I say this as somebody who was put in charge of dinner tonight because his wife is at the annual "Hags on Nags" holiday party, so naturally I ordered in pizza.  

By Blogger Cassandra, at Thu Dec 08, 09:41:00 PM:

Yes, well Pile, the worst thing in all of this is that we're expecting a snowstorm and so instead of my drink I went out into the cold and bought a carful of groceries and a bunch of logs for the fireplace.

And you have to realize how very much I detest grocery shopping to know what that took after the day I had at work today. 4 con calls and most of the day spent on WebEx. Hell doesn't begin to touch it. And no alcohol at the end of the rainbow.

We had pizza too - homemade. The food was divine in Paris, TH - I can't believe I didn't put on a pile of weight there. It was wonderful.  

By Blogger Cassandra, at Thu Dec 08, 09:48:00 PM:

Et, oui! Monsieur On :) Je n'ai jamais pensé pour vous entendre parler en français!  

By Blogger Pile On®, at Thu Dec 08, 09:48:00 PM:

Where do you live that you can't buy beer or wine and groceries at the same place.  

By Blogger Cassandra, at Thu Dec 08, 09:48:00 PM:

Hell...err...Maryland.  

By Blogger Pile On®, at Thu Dec 08, 10:06:00 PM:

Well thank God I don't live back east with all your uptight puritan laws. I don't take kindly to people imposing their religion on me.  

By Blogger TigerHawk, at Thu Dec 08, 10:45:00 PM:

New Jersey has the same rules -- people here do not understand that beer is food. Like peanut butter or bananas or little pucks of Borsin cheese.
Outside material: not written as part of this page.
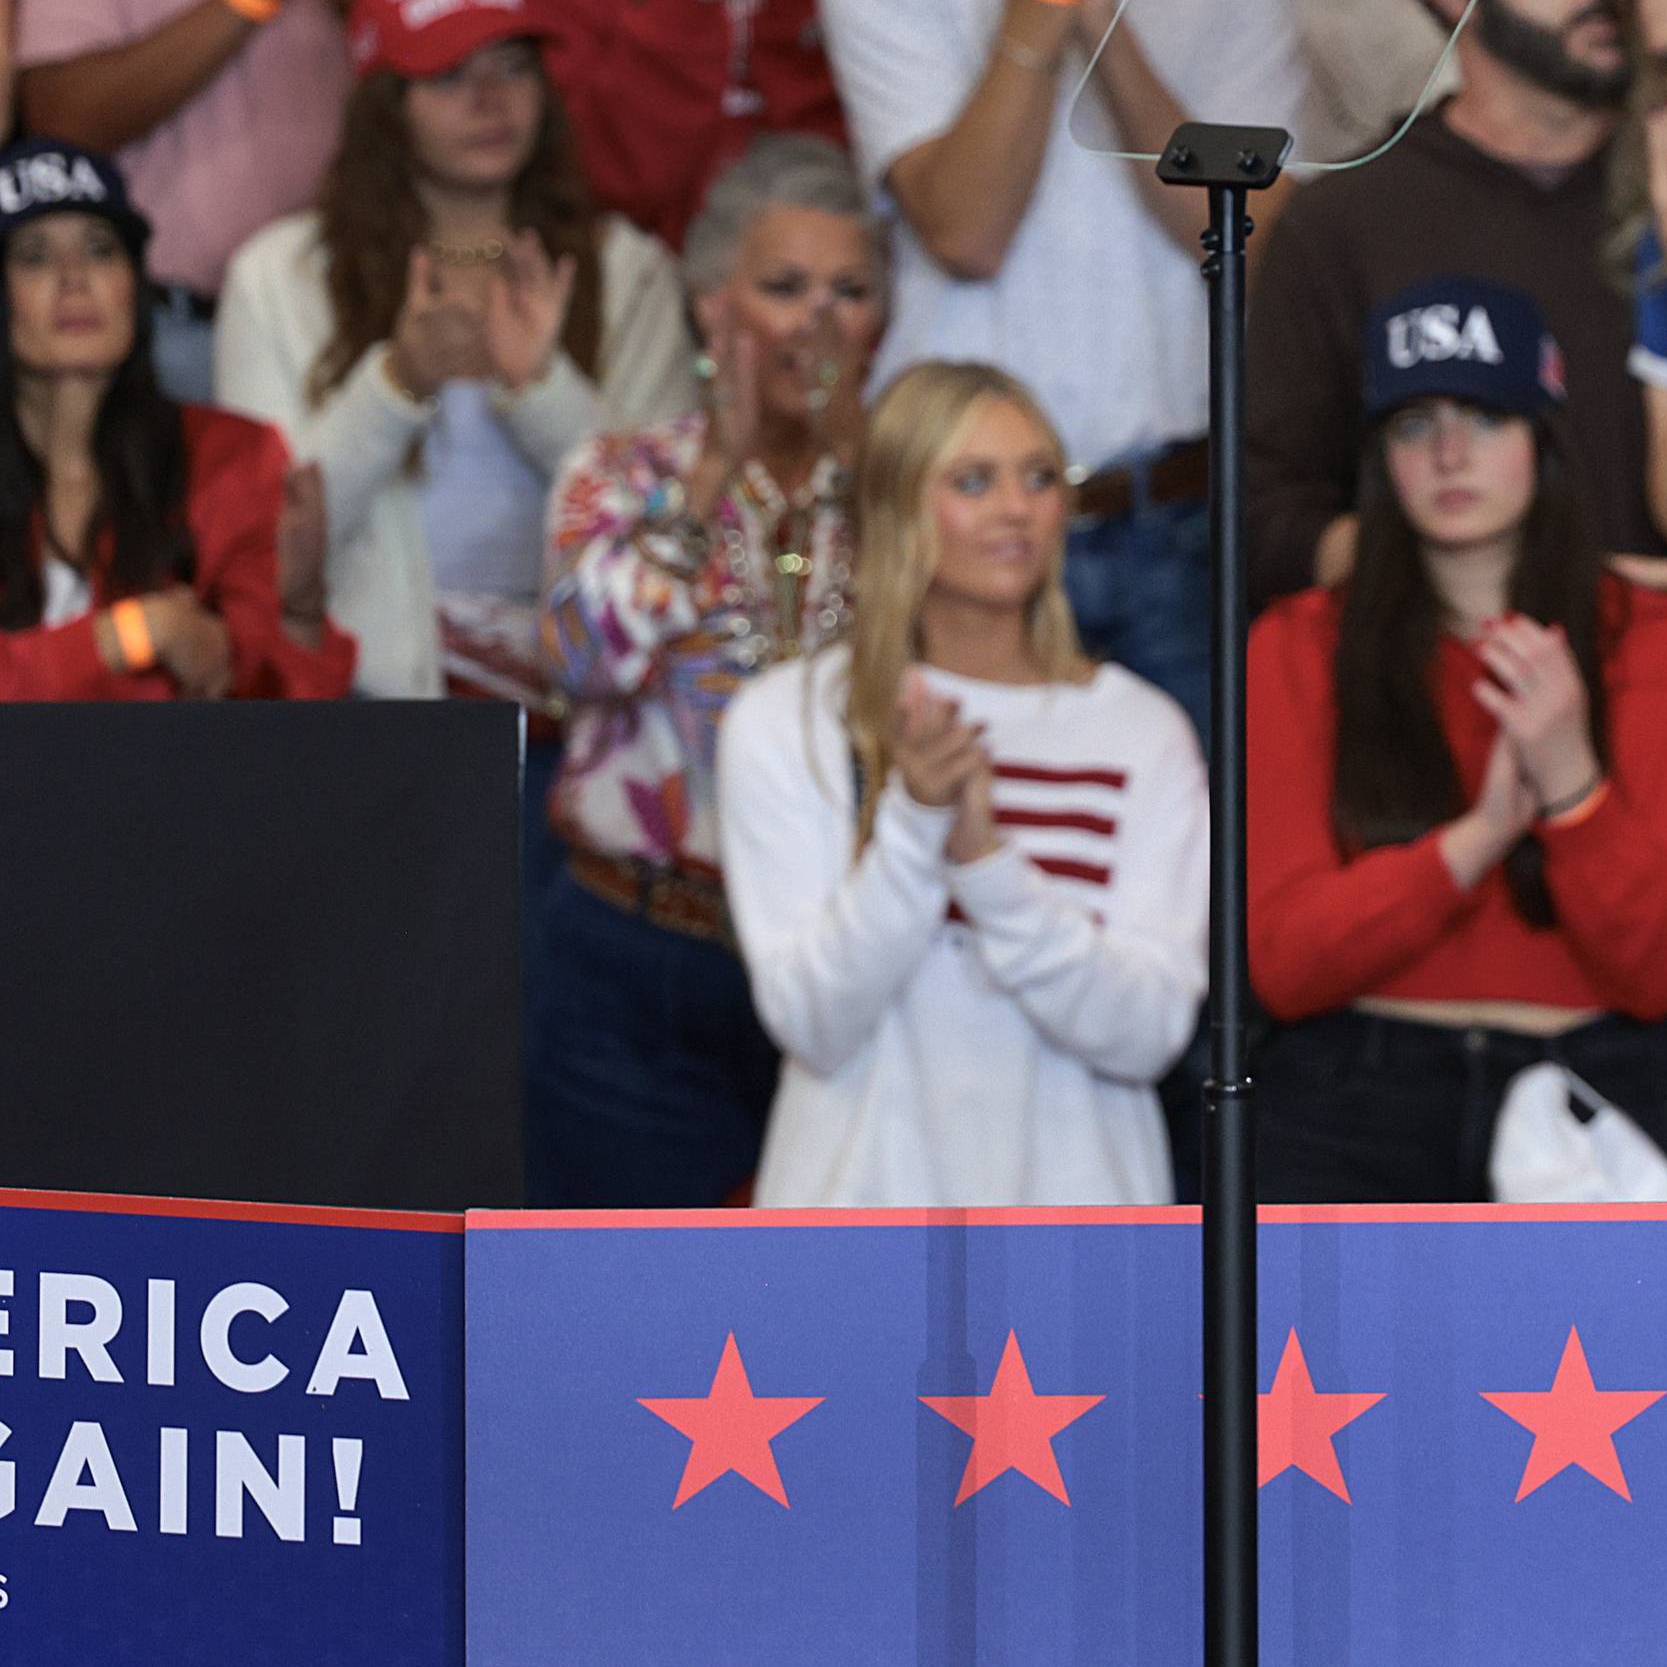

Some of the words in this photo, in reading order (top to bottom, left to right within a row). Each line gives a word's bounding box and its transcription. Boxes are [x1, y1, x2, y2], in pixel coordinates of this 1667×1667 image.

[0, 153, 107, 214] USA
[1386, 304, 1504, 369] USA
[0, 1269, 411, 1400] RICA
[0, 1421, 364, 1545] AIN!
Of course, I didn't know that beer was food until the summer I was 20. There I was, all alone at 9 a.m. in line for the tour at the Heineken brewery in Amsterdam. There was a Chinese-American guy from California -- also alone -- standing next to me, so we struck up a conversation: "My name is Melvin. My friends call me Mel." Kind of like that.

Anyhoo, I expressed my misgivings about drinking beer at 9 in the forenoon, but Mel put me at ease with a single, obvious point: "Hey, man, it's liquid toast."

Thereafter, I have been quite comfortable drinking beer in the morning. If circumstances warrant.

On the matter of groceries, I rather like shopping for them. I mean, more than I like folding laundry, or putting the left-overs into Tupperware containers. Which are the alternatives, according to my wife.  

By Blogger Cassandra, at Fri Dec 09, 09:20:00 AM:

Beer: it's not just a breakfast beverage anymore...

Seriously, the spousal unit likes to grocery shop too. Always has. I think it's a hunter-gatherer thing. He's a better bargain-shopper than I am too - he drives me mad. I'll grab something off the shelf and he'll gently take it from my hand and put it back, saying "that one is only 89 cents a litre..." and I'm thinking "just let me get my fingers around his neck, Lord, and squeeeeze...".

All my life I have scrimped and saved and pinched pennies and finally I make good money and I don't *have* to bargain shop and this man is worried about saving 3 cents on a can of tuna? He doesn't understand that I want to wallow in th glorious luxury of just brazenly grabbing the name brand off the shelf... I'll make it up by not buying some other trinket that most other women can't live without because, after all, I am Scottish. Let me live a little.

Yikes.

I loathe shopping. Always have. I seem to lack the acquisitive gene.